Seit zwölf Jahren nutzt Kottmann aufgrund einer Multiplen Sklerose einen Rollstuhl. Anfangs zögerte sie, ihre Behinderung im Fernsehen sichtbar zu zeigen, doch mittlerweile sieht sie sie als Teil ihrer Identität. Nach ihrem Debüt erreichten sie zahlreiche Zuschriften von Menschen, die ihre Präsenz als wichtige Repräsentation würdigten – besonders die Sichtbarkeit einer Rollstuhlfahrerin in einer Hauptnachrichtensendung.
Neben ihrer Moderationstätigkeit setzt sich Kottmann aktiv für mehr Vielfalt in den Medien ein. Ihre bahnbrechende Position beim BR macht sie bereits jetzt zur Vorbildfigur für Menschen mit körperlichen Behinderungen.

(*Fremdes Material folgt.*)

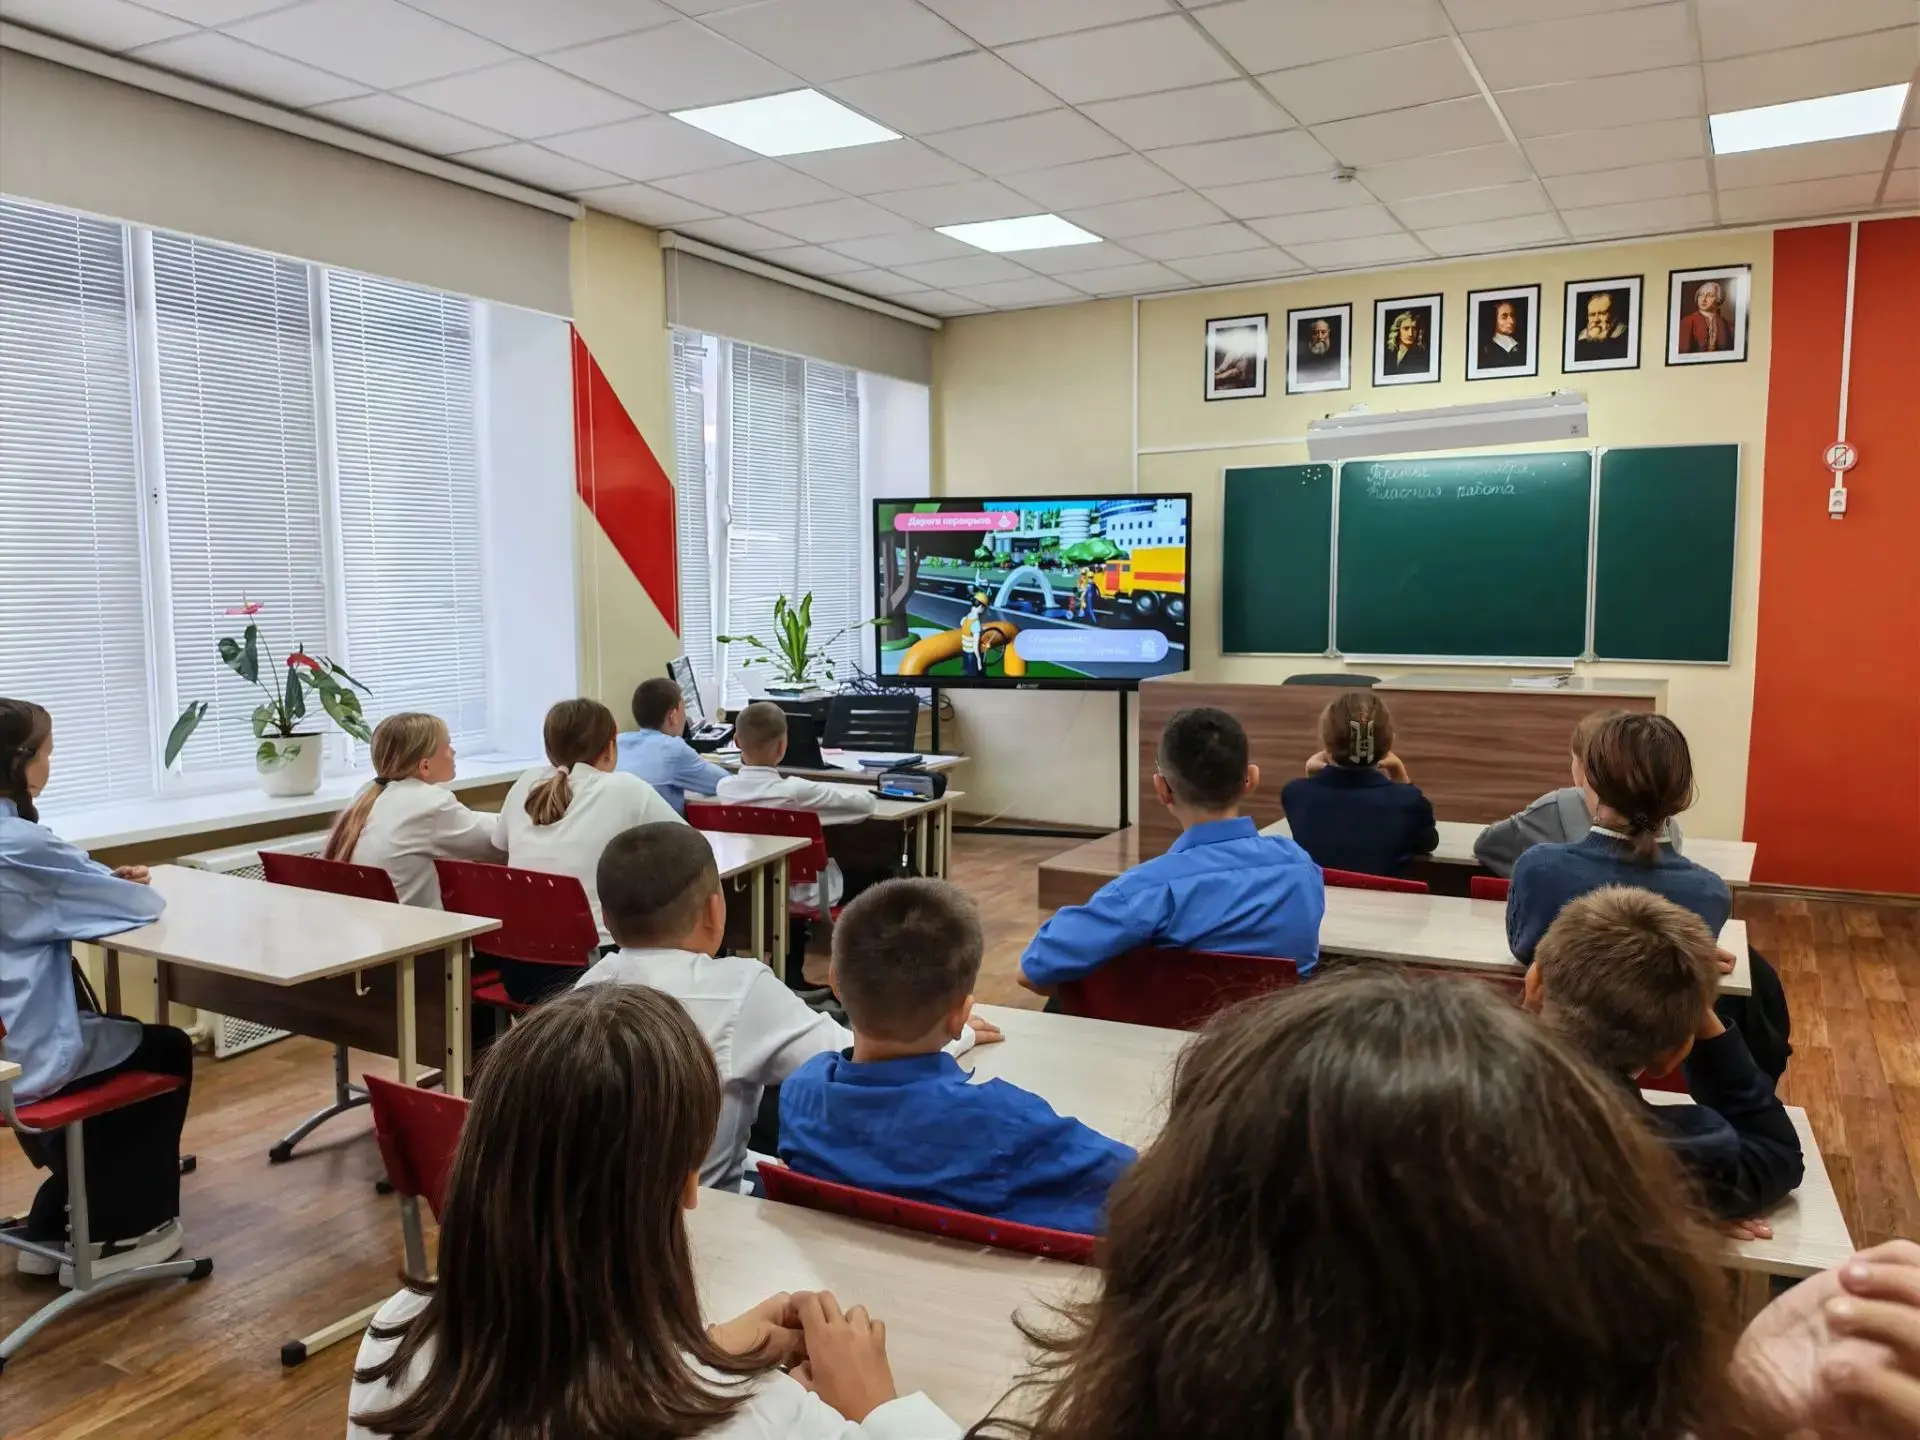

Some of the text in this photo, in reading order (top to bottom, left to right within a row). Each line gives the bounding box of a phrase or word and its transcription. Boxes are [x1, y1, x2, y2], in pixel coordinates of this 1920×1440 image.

[1457, 481, 1516, 499] работа
[908, 516, 992, 527] Дорога перекрыта

Regelmäßig moderiert sie nun die BR-Nachrichten um 16:00 Uhr und 18:30 Uhr. Ihre Präsenz stellt herkömmliche Normen im deutschen Fernsehen infrage und fördert eine breitere Inklusion. Die positive Resonanz von Publikum und Kollegen unterstreicht die Bedeutung ihrer neuen Rolle.